This is part of the 31 for 21 blog challenge!
As is well documented on this blog (for example, here, here, and here), I often struggle with when Tessa will learn new skills. Lots of moms whose kiddos have special needs ask those questions. Impatience is just part of the game sometimes. When a baby is born with Down syndrome, the milestone charts get thrown out the window. We all know our kids will get where they are going; it’s just a matter of when. Waiting for when can be frustrating. The feeling that she should be able to do something nags a little at the back of my brain. From time to time, I freak out that I’m not working with her enough. And yet….
In the ebb and flow of my feelings about Down syndrome, I often find it immensely liberating that Tessa works at her own pace to meet her milestones. Milestone charts exist for a reason (above and beyond the ability for moms to compare their children 😉 ).

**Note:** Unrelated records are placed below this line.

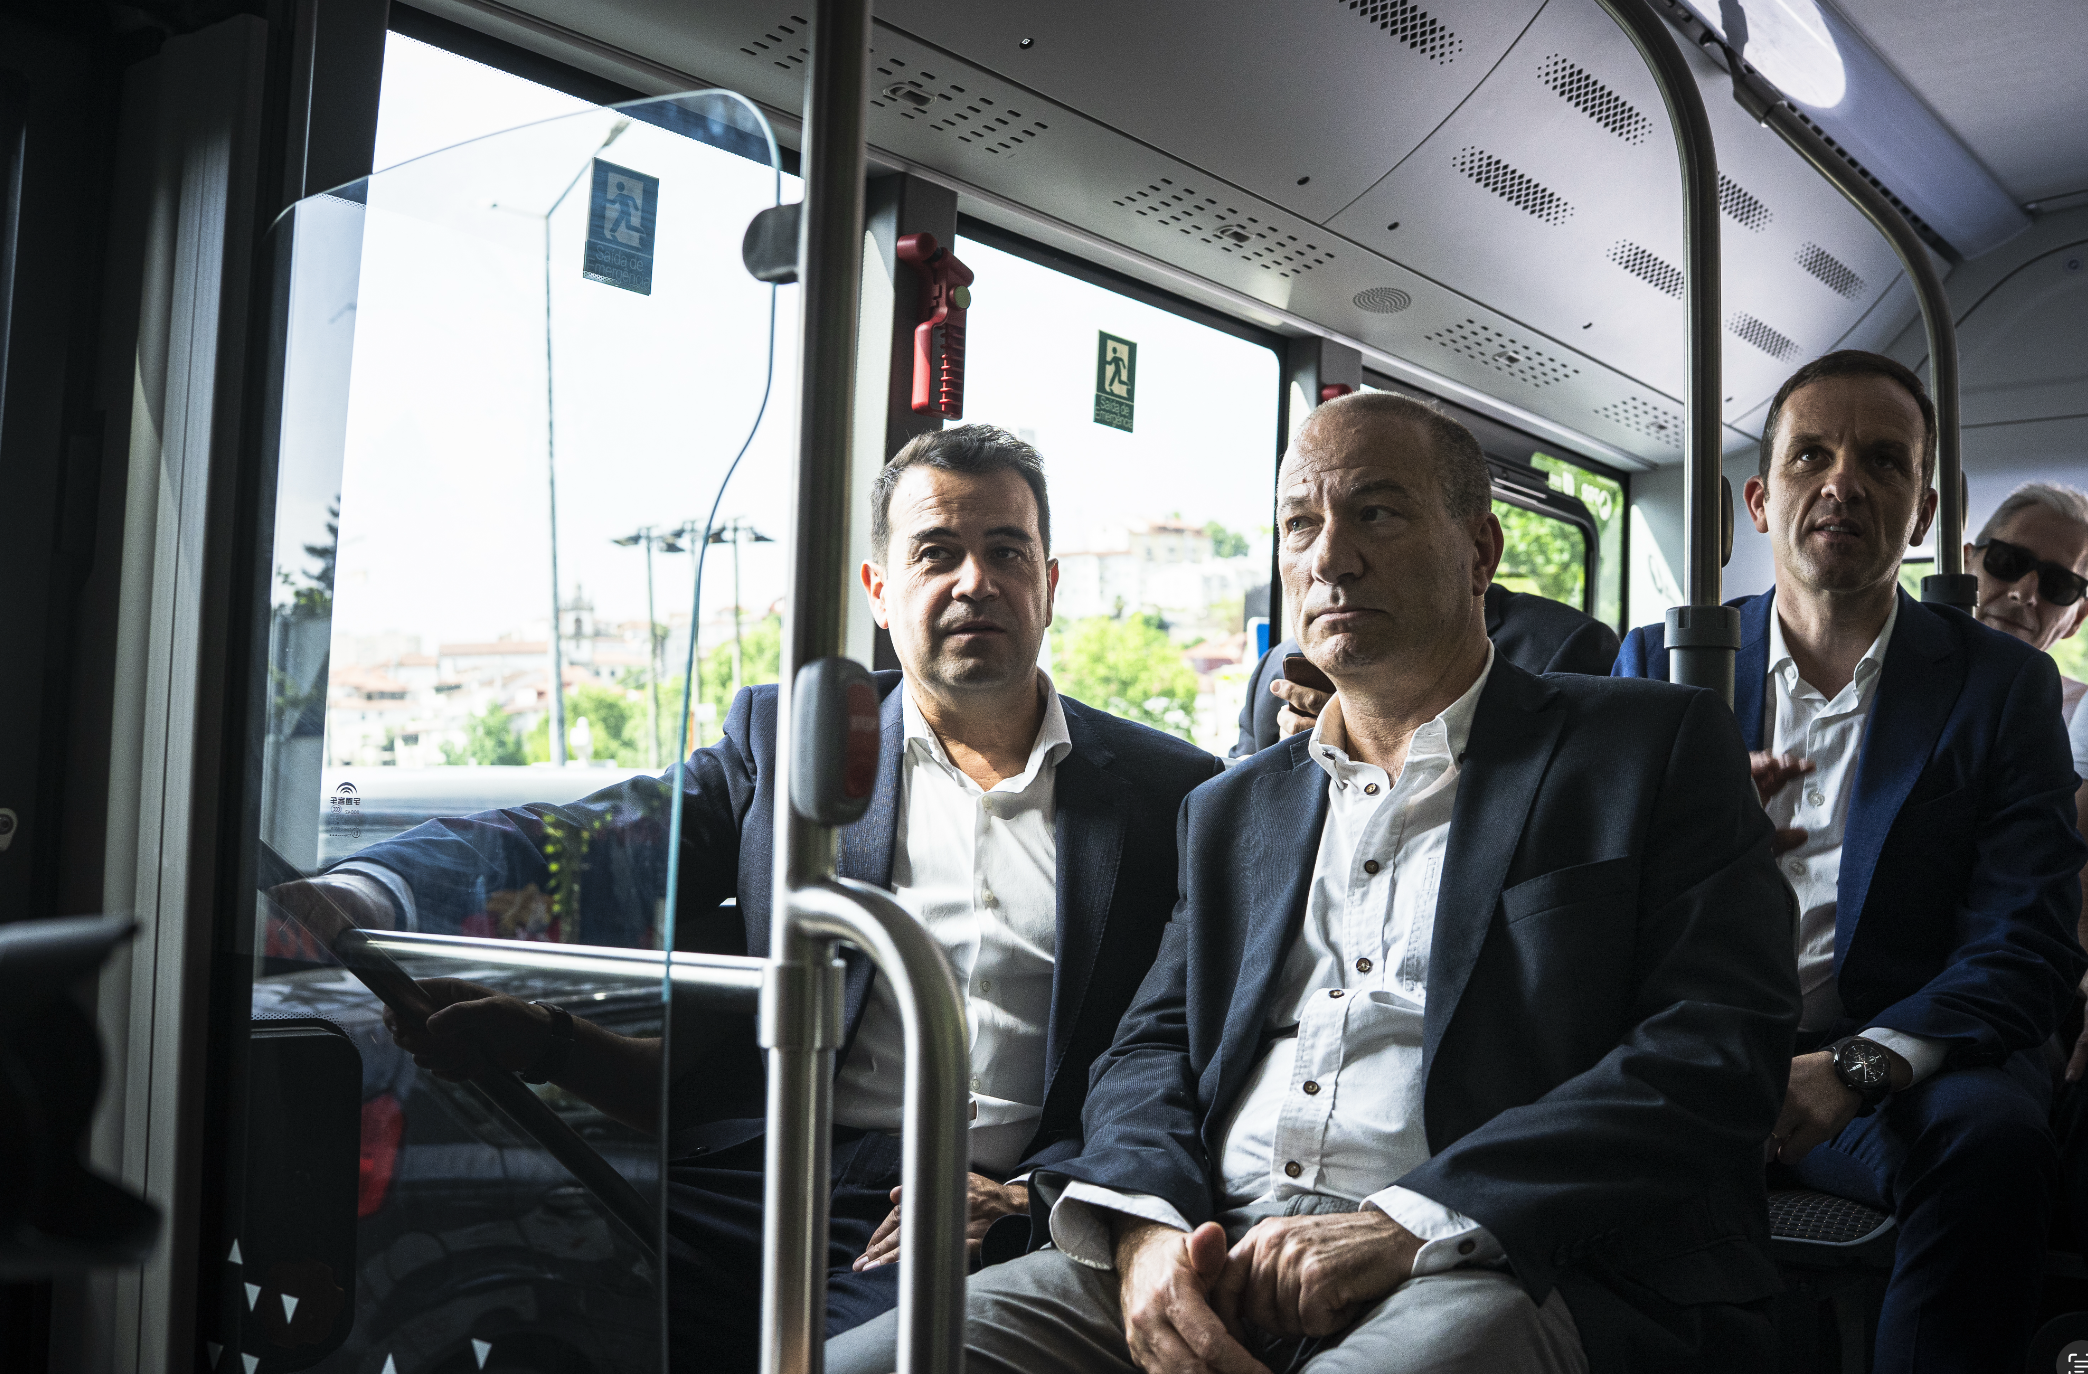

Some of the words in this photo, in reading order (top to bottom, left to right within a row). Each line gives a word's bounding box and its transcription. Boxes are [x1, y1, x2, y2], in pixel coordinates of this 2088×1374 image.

[586, 257, 651, 287] Emergência
[595, 244, 628, 268] Saída
[629, 256, 644, 272] de
[1100, 396, 1120, 413] Saída
[1120, 404, 1130, 416] de
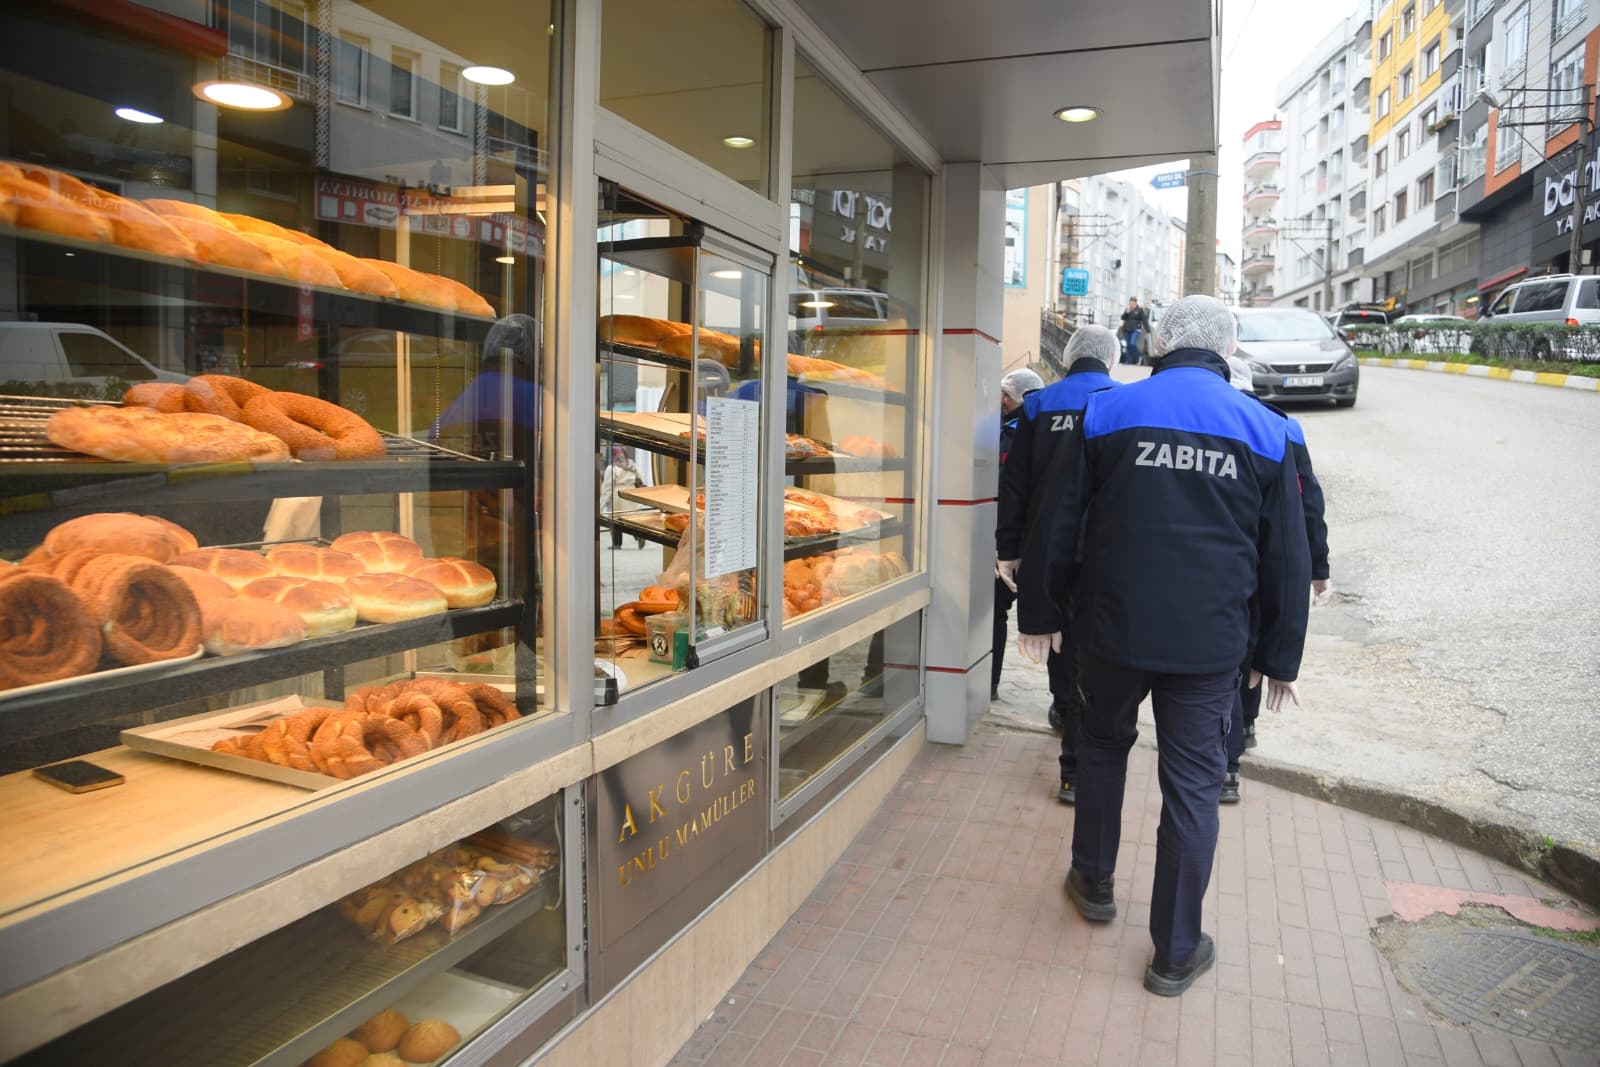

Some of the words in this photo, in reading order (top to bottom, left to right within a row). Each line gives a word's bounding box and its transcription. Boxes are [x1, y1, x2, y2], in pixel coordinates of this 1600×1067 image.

They don’t really apply to Tessa because she has a diagnosed disability and we have known, since birth, that she’s on her own schedule. She has no should. However, the knowledge of when things should happen is actually vital to the typical child. When typical babies are born, milestone charts assist parents and doctors in determining if a child needs extra support or may have special needs. Unlike with Down syndrome, you cannot see a learning disability, autism, or a sensory disorder by looking at a child. Milestone charts, or knowledge of typical behaviors and development, help diagnose and support parents. They ensure that the child can receive interventions at the earliest possible time. We already have our diagnosis, and while a diagnosis certainly doesn’t make life any easier, the blessing of knowing what the diagnosis is is not lost on me.
For both Ellie and Tessa, at the beginning of each Well-Baby check-up, the nurse asks a series of questions about their development. When I have to answer about Ellie, I feel pressure. If she cannot do something, I go home and google when she should have mastered it. When they ask about Tessa, I just laugh. Many times, I get to say “yes, she can.” Sometimes, it’s a “not yet” or “we’re working on it.” But there’s no pressure. I have no need to compare what she can do to anyone else, because there is no should. And that is empowering.
This post was inspired by some moms in my Rockin’ Moms group on Facebook, organized by the Down Syndrome Diagnosis Network. Thanks, ladies, for asking great questions and being so supportive. 🙂
Yo soy La Lay 
It’s frustrating hitting those milestones. At Isaac’s one year check he was walking, babbling, clapping and a dozen other things that make him bang on average and I got the concern voice because he’s not pointing yet. Too much pressure for a one year old these days.
I was asked if Peanut has discovered her feet, yet. My answer was, “who needs feet when you’ve got hands?” Honestly, she sits and holds them up and stares at them for hours. Like they’re the most fascinating things. It’s actually quite entertaining. Meh. No should, indeed. Our babes get to it when they get to it.